◆ Task prompt
Exactly the line with "this 1600×1200 image." and the lines that follow it, through the closing line of the entries, should be restated, with nothing left out or added.

Input for this task START

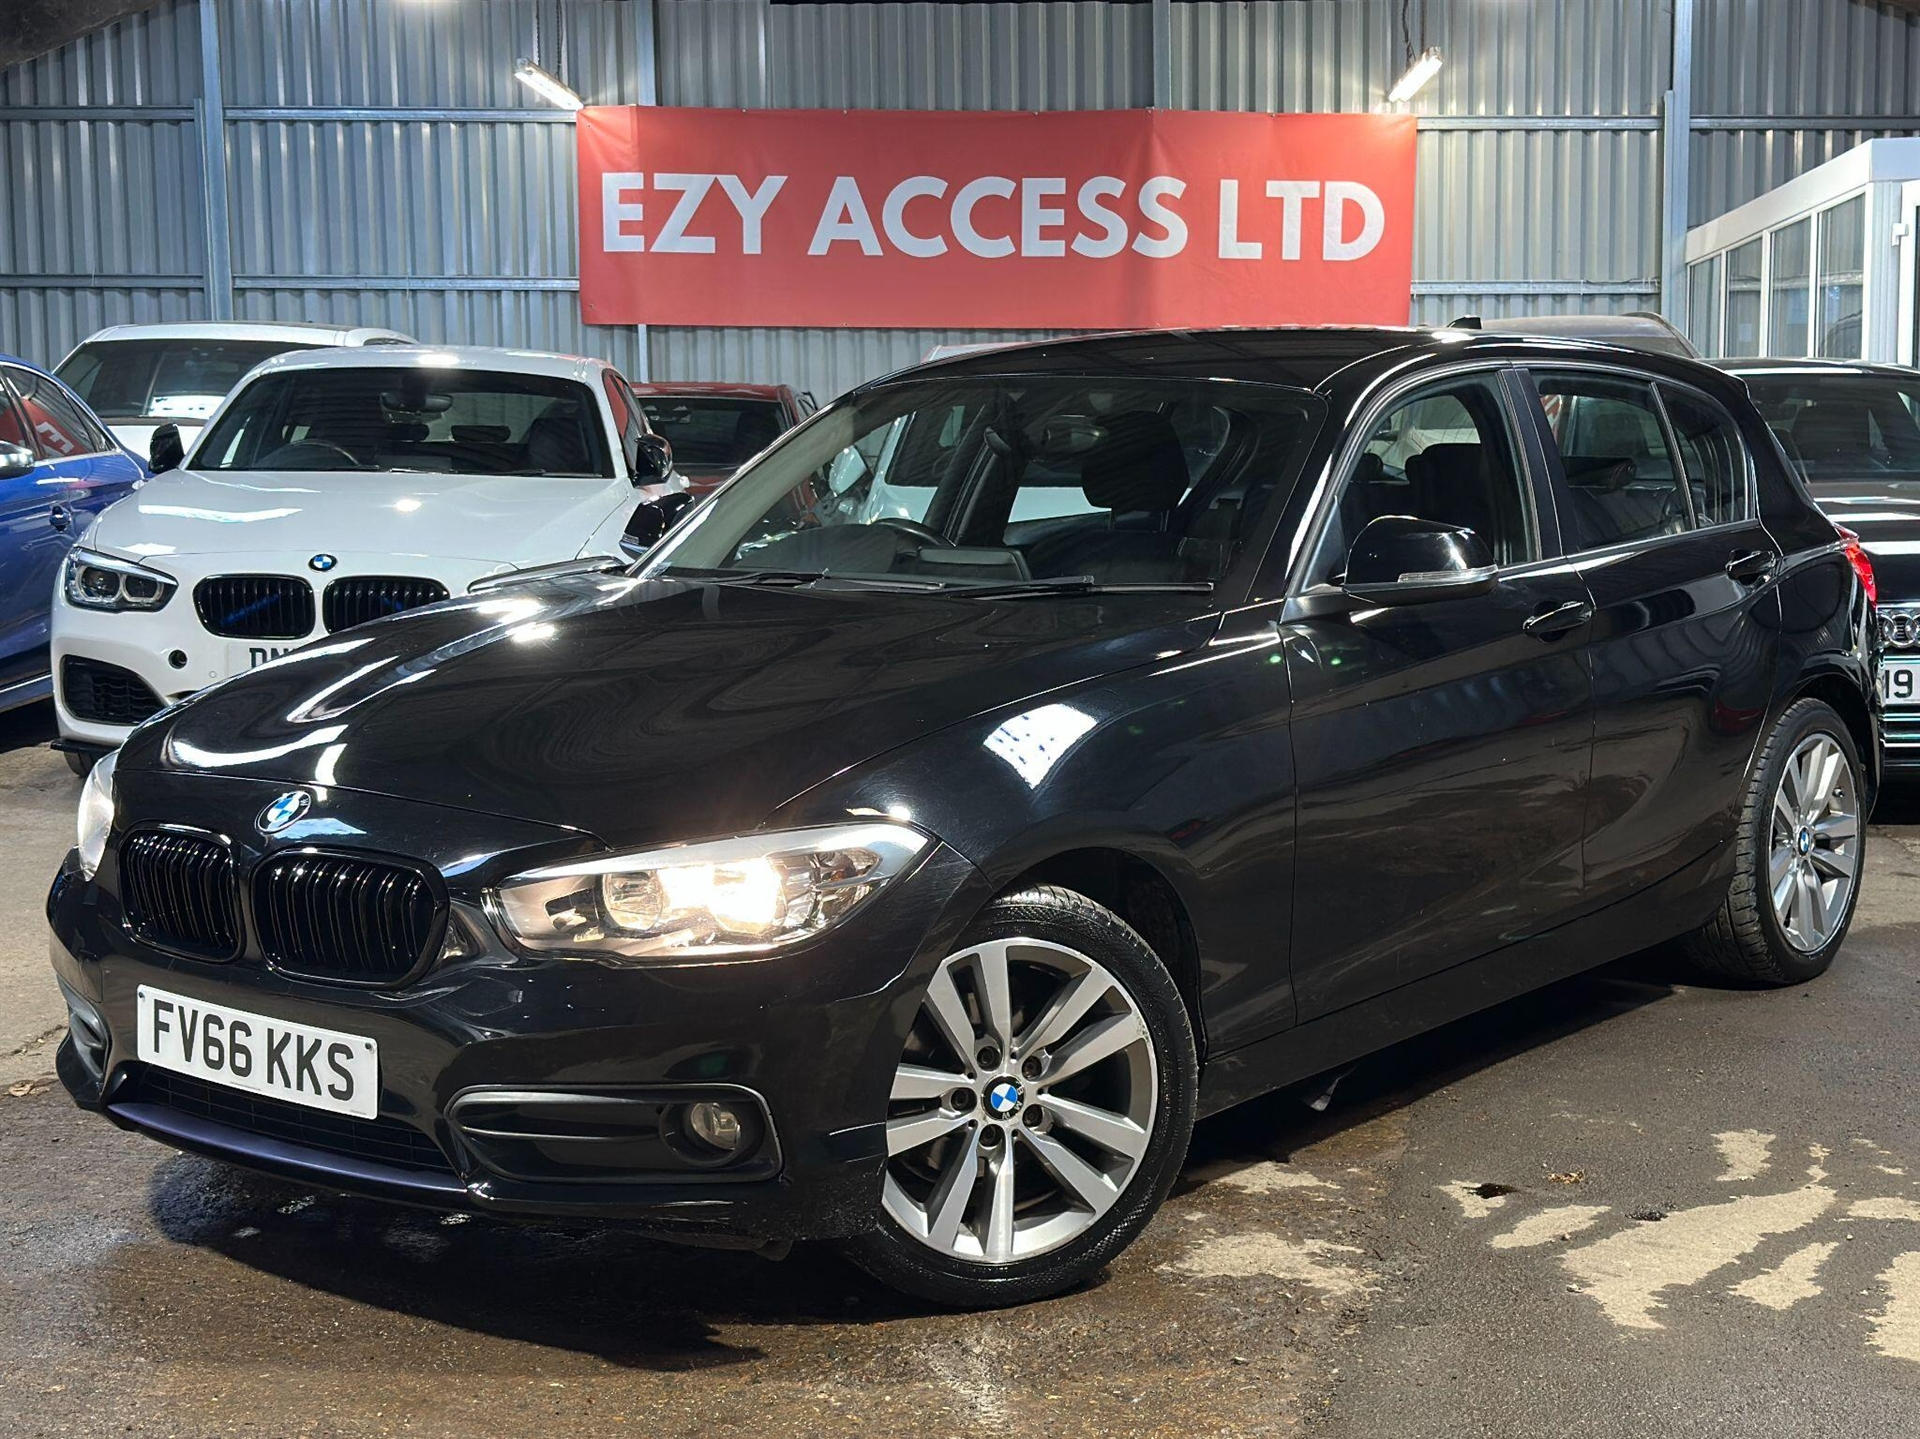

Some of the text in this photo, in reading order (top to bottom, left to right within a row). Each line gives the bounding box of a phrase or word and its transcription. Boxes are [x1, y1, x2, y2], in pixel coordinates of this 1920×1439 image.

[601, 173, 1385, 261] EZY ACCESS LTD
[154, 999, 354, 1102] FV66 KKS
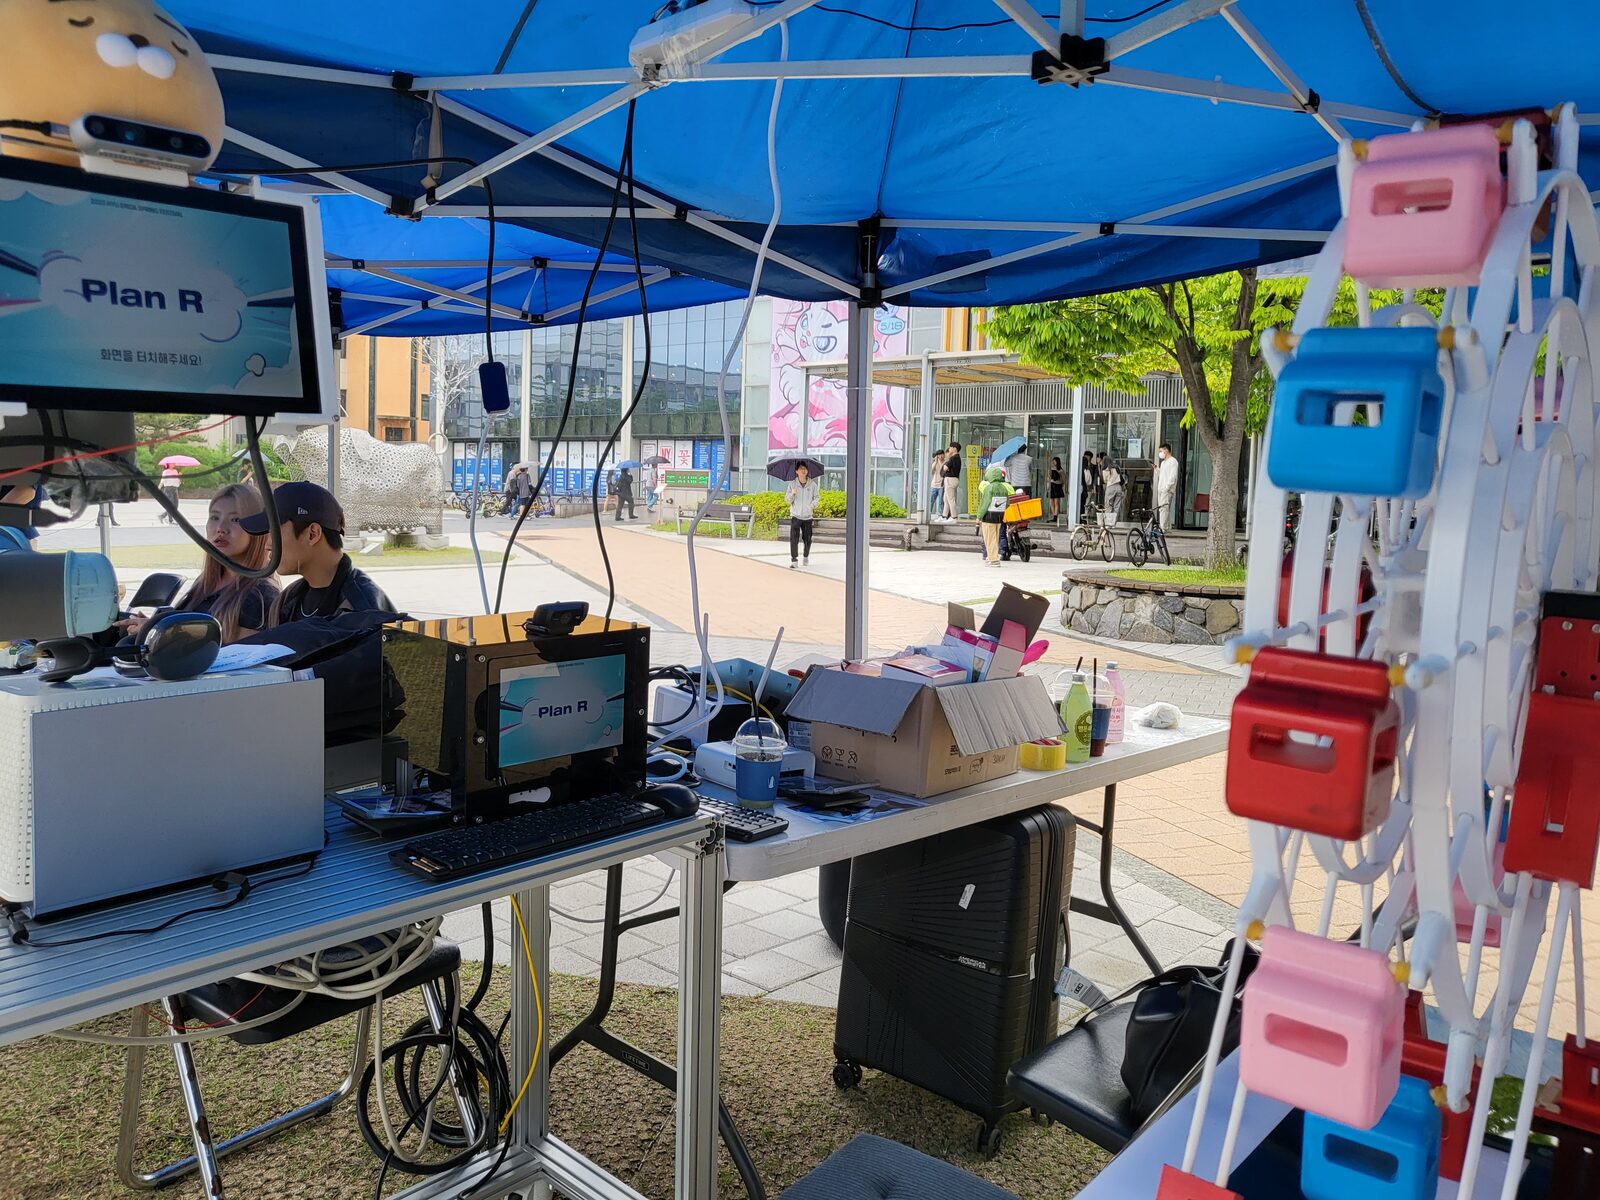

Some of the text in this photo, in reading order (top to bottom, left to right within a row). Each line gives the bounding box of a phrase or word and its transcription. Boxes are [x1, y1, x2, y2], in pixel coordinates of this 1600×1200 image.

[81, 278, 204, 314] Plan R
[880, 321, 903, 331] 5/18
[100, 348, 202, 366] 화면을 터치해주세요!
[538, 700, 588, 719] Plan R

Input for this task END

◆ Response
Some of the text in this photo, in reading order (top to bottom, left to right within a row). Each line gives the bounding box of a phrase or word and its transcription. Boxes are [x1, y1, x2, y2], in pixel coordinates of this 1600×1200 image.

[81, 278, 204, 314] Plan R
[880, 321, 903, 331] 5/18
[100, 348, 202, 366] 화면을 터치해주세요!
[538, 700, 588, 719] Plan R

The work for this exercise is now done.